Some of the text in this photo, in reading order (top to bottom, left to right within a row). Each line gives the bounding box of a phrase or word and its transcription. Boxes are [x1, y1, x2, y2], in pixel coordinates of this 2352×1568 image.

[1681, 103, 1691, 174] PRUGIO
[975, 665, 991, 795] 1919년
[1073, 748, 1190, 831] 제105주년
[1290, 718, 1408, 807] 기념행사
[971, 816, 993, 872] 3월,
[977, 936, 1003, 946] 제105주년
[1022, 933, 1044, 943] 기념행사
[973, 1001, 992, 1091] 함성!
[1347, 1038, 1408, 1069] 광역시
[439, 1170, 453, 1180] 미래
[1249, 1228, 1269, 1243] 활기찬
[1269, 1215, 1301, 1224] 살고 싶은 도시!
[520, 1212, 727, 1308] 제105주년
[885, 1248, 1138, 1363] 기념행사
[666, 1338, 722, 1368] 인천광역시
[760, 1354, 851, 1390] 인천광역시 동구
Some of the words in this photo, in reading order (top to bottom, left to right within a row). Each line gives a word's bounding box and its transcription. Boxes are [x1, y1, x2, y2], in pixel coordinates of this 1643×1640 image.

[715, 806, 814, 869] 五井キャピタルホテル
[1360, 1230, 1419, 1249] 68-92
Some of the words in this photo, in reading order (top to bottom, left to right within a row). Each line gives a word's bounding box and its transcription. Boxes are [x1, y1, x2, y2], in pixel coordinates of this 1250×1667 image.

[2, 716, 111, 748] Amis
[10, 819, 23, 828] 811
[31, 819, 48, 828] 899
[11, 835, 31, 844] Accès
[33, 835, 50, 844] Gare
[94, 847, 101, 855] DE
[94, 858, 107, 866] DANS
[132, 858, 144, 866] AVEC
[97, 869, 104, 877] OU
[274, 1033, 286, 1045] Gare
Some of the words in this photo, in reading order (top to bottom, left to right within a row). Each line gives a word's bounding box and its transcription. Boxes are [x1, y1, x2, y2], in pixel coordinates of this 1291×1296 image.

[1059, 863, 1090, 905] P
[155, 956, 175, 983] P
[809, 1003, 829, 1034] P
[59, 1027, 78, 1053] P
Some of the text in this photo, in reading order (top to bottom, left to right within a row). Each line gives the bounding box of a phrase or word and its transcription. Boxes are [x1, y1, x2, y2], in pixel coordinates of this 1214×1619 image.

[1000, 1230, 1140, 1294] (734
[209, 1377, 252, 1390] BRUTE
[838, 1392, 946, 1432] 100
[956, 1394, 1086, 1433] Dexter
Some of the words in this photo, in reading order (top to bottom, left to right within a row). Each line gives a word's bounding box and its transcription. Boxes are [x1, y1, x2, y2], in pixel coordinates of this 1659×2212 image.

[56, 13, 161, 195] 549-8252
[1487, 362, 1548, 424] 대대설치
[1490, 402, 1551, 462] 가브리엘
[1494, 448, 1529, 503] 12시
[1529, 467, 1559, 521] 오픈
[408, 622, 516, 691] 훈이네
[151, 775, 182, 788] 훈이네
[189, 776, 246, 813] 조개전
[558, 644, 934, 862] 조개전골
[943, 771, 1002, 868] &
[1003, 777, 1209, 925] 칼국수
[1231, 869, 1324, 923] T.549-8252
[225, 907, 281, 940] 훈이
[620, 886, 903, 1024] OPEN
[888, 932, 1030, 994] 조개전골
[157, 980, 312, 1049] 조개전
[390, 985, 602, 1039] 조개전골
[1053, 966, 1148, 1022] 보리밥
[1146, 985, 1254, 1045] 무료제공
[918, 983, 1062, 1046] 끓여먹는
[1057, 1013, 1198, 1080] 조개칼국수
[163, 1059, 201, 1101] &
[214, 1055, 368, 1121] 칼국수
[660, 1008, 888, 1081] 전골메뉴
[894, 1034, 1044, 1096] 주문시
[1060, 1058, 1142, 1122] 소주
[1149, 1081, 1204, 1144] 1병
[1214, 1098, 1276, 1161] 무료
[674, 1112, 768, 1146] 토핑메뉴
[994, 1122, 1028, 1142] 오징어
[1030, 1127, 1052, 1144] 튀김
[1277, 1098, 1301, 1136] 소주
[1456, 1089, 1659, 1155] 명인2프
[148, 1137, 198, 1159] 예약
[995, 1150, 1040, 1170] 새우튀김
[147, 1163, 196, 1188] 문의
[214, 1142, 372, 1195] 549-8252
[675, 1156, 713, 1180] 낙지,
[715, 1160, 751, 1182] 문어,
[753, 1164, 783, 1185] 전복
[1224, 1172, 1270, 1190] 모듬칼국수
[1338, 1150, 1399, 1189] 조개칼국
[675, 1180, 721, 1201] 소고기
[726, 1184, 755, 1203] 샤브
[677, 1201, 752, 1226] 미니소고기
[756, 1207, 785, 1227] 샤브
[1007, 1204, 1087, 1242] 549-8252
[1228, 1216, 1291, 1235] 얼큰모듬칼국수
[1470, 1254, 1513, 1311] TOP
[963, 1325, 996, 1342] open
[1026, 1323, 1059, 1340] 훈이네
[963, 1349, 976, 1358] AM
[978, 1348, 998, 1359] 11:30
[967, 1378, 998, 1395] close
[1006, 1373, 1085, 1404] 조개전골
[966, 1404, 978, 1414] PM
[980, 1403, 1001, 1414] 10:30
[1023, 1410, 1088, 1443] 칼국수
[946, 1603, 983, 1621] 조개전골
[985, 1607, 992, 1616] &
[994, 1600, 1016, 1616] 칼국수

※

Print out the entire listing. Keep every line exact.

Some of the text in this photo, in reading order (top to bottom, left to right within a row). Each line gives the bounding box of a phrase or word and its transcription. Boxes are [x1, y1, x2, y2], in pixel coordinates of this 2352×1568 image.

[1681, 103, 1691, 174] PRUGIO
[975, 665, 991, 795] 1919년
[1073, 748, 1190, 831] 제105주년
[1290, 718, 1408, 807] 기념행사
[971, 816, 993, 872] 3월,
[977, 936, 1003, 946] 제105주년
[1022, 933, 1044, 943] 기념행사
[973, 1001, 992, 1091] 함성!
[1347, 1038, 1408, 1069] 광역시
[439, 1170, 453, 1180] 미래
[1249, 1228, 1269, 1243] 활기찬
[1269, 1215, 1301, 1224] 살고 싶은 도시!
[520, 1212, 727, 1308] 제105주년
[885, 1248, 1138, 1363] 기념행사
[666, 1338, 722, 1368] 인천광역시
[760, 1354, 851, 1390] 인천광역시 동구
Some of the words in this photo, in reading order (top to bottom, left to right within a row). Each line gives a word's bounding box and its transcription. Boxes are [x1, y1, x2, y2], in pixel coordinates of this 1643×1640 image.

[715, 806, 814, 869] 五井キャピタルホテル
[1360, 1230, 1419, 1249] 68-92
Some of the words in this photo, in reading order (top to bottom, left to right within a row). Each line gives a word's bounding box and its transcription. Boxes are [x1, y1, x2, y2], in pixel coordinates of this 1250×1667 image.

[2, 716, 111, 748] Amis
[10, 819, 23, 828] 811
[31, 819, 48, 828] 899
[11, 835, 31, 844] Accès
[33, 835, 50, 844] Gare
[94, 847, 101, 855] DE
[94, 858, 107, 866] DANS
[132, 858, 144, 866] AVEC
[97, 869, 104, 877] OU
[274, 1033, 286, 1045] Gare
Some of the words in this photo, in reading order (top to bottom, left to right within a row). Each line gives a word's bounding box and its transcription. Boxes are [x1, y1, x2, y2], in pixel coordinates of this 1291×1296 image.

[1059, 863, 1090, 905] P
[155, 956, 175, 983] P
[809, 1003, 829, 1034] P
[59, 1027, 78, 1053] P
Some of the text in this photo, in reading order (top to bottom, left to right within a row). Each line gives the bounding box of a phrase or word and its transcription. Boxes are [x1, y1, x2, y2], in pixel coordinates of this 1214×1619 image.

[1000, 1230, 1140, 1294] (734
[209, 1377, 252, 1390] BRUTE
[838, 1392, 946, 1432] 100
[956, 1394, 1086, 1433] Dexter
Some of the words in this photo, in reading order (top to bottom, left to right within a row). Each line gives a word's bounding box and its transcription. Boxes are [x1, y1, x2, y2], in pixel coordinates of this 1659×2212 image.

[56, 13, 161, 195] 549-8252
[1487, 362, 1548, 424] 대대설치
[1490, 402, 1551, 462] 가브리엘
[1494, 448, 1529, 503] 12시
[1529, 467, 1559, 521] 오픈
[408, 622, 516, 691] 훈이네
[151, 775, 182, 788] 훈이네
[189, 776, 246, 813] 조개전
[558, 644, 934, 862] 조개전골
[943, 771, 1002, 868] &
[1003, 777, 1209, 925] 칼국수
[1231, 869, 1324, 923] T.549-8252
[225, 907, 281, 940] 훈이
[620, 886, 903, 1024] OPEN
[888, 932, 1030, 994] 조개전골
[157, 980, 312, 1049] 조개전
[390, 985, 602, 1039] 조개전골
[1053, 966, 1148, 1022] 보리밥
[1146, 985, 1254, 1045] 무료제공
[918, 983, 1062, 1046] 끓여먹는
[1057, 1013, 1198, 1080] 조개칼국수
[163, 1059, 201, 1101] &
[214, 1055, 368, 1121] 칼국수
[660, 1008, 888, 1081] 전골메뉴
[894, 1034, 1044, 1096] 주문시
[1060, 1058, 1142, 1122] 소주
[1149, 1081, 1204, 1144] 1병
[1214, 1098, 1276, 1161] 무료
[674, 1112, 768, 1146] 토핑메뉴
[994, 1122, 1028, 1142] 오징어
[1030, 1127, 1052, 1144] 튀김
[1277, 1098, 1301, 1136] 소주
[1456, 1089, 1659, 1155] 명인2프
[148, 1137, 198, 1159] 예약
[995, 1150, 1040, 1170] 새우튀김
[147, 1163, 196, 1188] 문의
[214, 1142, 372, 1195] 549-8252
[675, 1156, 713, 1180] 낙지,
[715, 1160, 751, 1182] 문어,
[753, 1164, 783, 1185] 전복
[1224, 1172, 1270, 1190] 모듬칼국수
[1338, 1150, 1399, 1189] 조개칼국
[675, 1180, 721, 1201] 소고기
[726, 1184, 755, 1203] 샤브
[677, 1201, 752, 1226] 미니소고기
[756, 1207, 785, 1227] 샤브
[1007, 1204, 1087, 1242] 549-8252
[1228, 1216, 1291, 1235] 얼큰모듬칼국수
[1470, 1254, 1513, 1311] TOP
[963, 1325, 996, 1342] open
[1026, 1323, 1059, 1340] 훈이네
[963, 1349, 976, 1358] AM
[978, 1348, 998, 1359] 11:30
[967, 1378, 998, 1395] close
[1006, 1373, 1085, 1404] 조개전골
[966, 1404, 978, 1414] PM
[980, 1403, 1001, 1414] 10:30
[1023, 1410, 1088, 1443] 칼국수
[946, 1603, 983, 1621] 조개전골
[985, 1607, 992, 1616] &
[994, 1600, 1016, 1616] 칼국수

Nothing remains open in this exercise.